_PROBLEM TO SOLVE_. Every record must be restated exactly. Drop the images.

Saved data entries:

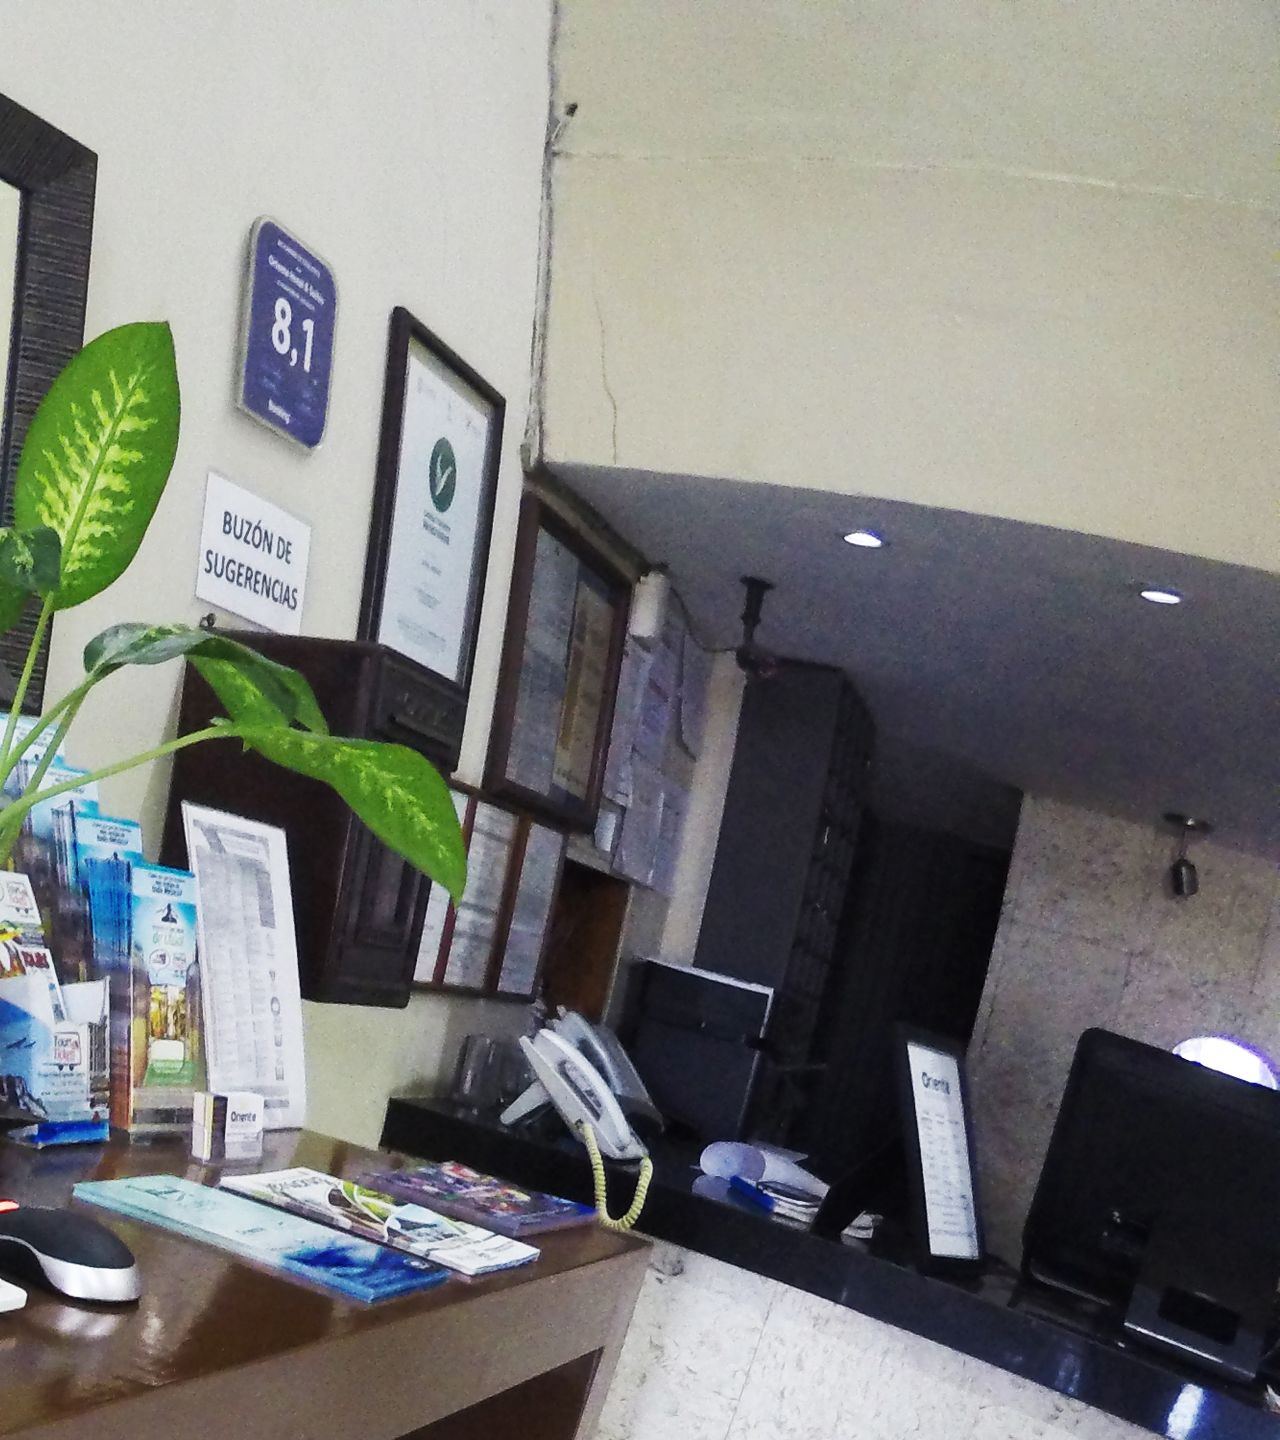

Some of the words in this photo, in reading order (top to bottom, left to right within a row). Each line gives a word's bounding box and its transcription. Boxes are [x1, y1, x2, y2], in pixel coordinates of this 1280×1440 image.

[271, 297, 314, 373] 8,1
[223, 510, 273, 554] BUZÓN
[276, 535, 292, 564] DE
[204, 549, 297, 610] SUGERENCIAS

_OUTPUT OF THE TASK_.
Some of the words in this photo, in reading order (top to bottom, left to right within a row). Each line gives a word's bounding box and its transcription. Boxes are [x1, y1, x2, y2], in pixel coordinates of this 1280×1440 image.

[271, 297, 314, 373] 8,1
[223, 510, 273, 554] BUZÓN
[276, 535, 292, 564] DE
[204, 549, 297, 610] SUGERENCIAS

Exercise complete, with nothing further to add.